WORK INSTRUCTION: In your copy, the records appear word for word and the pictures do not appear at all.

[WORKING DATA Boundary: Start]

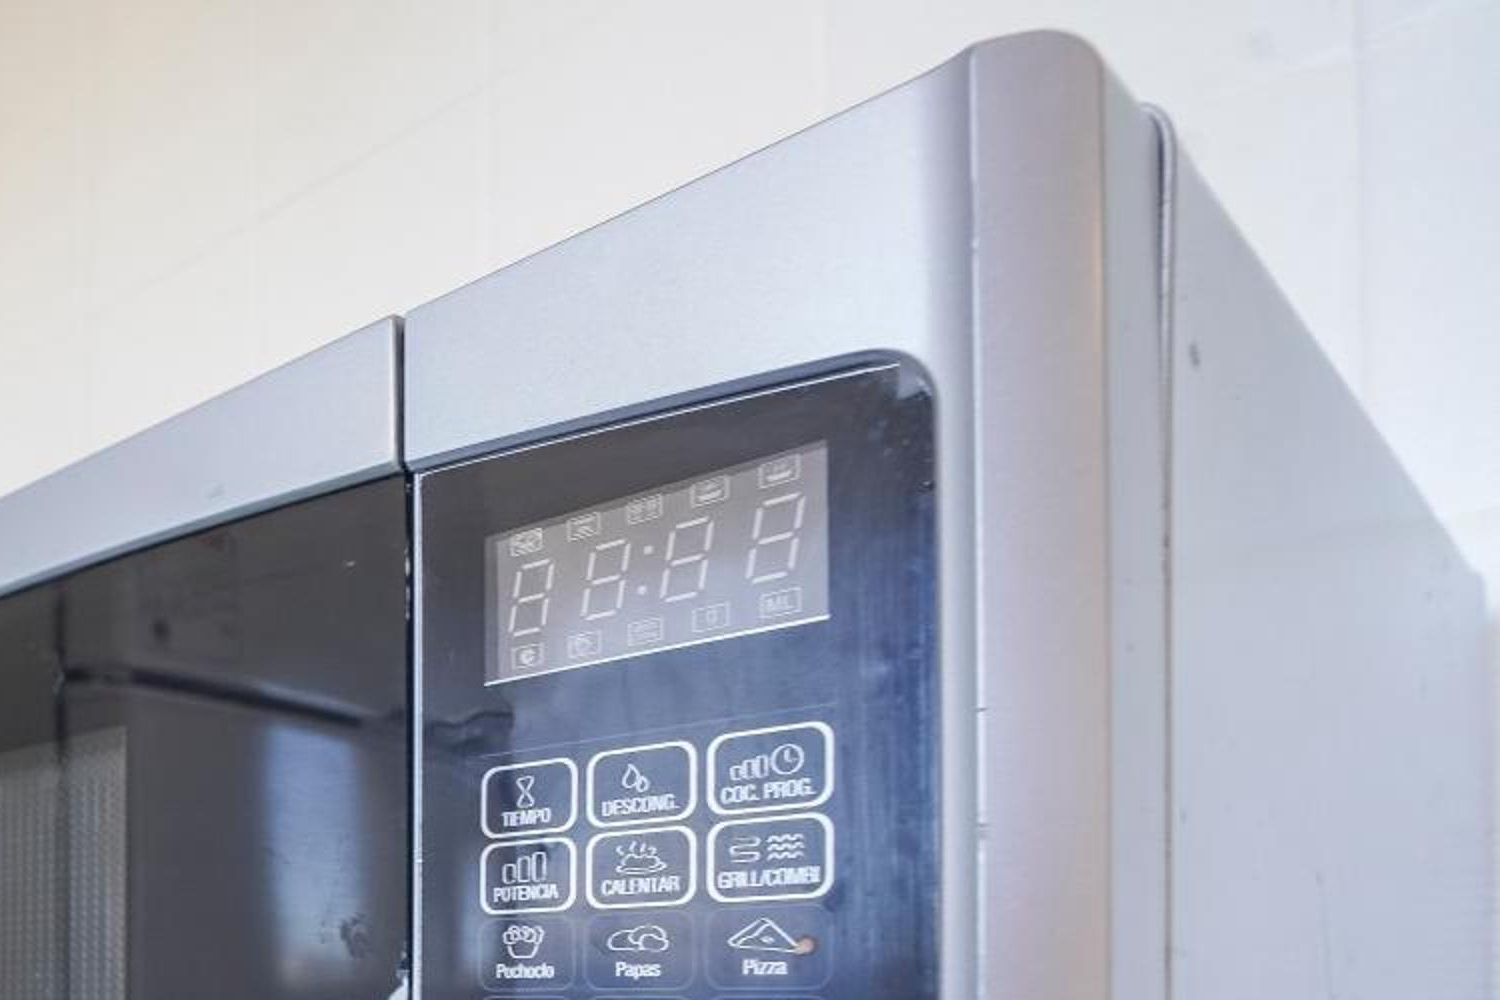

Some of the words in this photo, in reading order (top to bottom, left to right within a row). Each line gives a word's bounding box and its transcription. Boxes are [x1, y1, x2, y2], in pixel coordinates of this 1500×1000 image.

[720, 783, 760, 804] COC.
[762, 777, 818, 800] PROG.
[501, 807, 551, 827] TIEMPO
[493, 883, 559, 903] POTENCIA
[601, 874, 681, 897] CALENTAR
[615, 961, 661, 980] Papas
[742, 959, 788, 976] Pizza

[WORKING DATA Boundary: End]

RESULT:
Some of the words in this photo, in reading order (top to bottom, left to right within a row). Each line gives a word's bounding box and its transcription. Boxes are [x1, y1, x2, y2], in pixel coordinates of this 1500×1000 image.

[720, 783, 760, 804] COC.
[762, 777, 818, 800] PROG.
[501, 807, 551, 827] TIEMPO
[493, 883, 559, 903] POTENCIA
[601, 874, 681, 897] CALENTAR
[615, 961, 661, 980] Papas
[742, 959, 788, 976] Pizza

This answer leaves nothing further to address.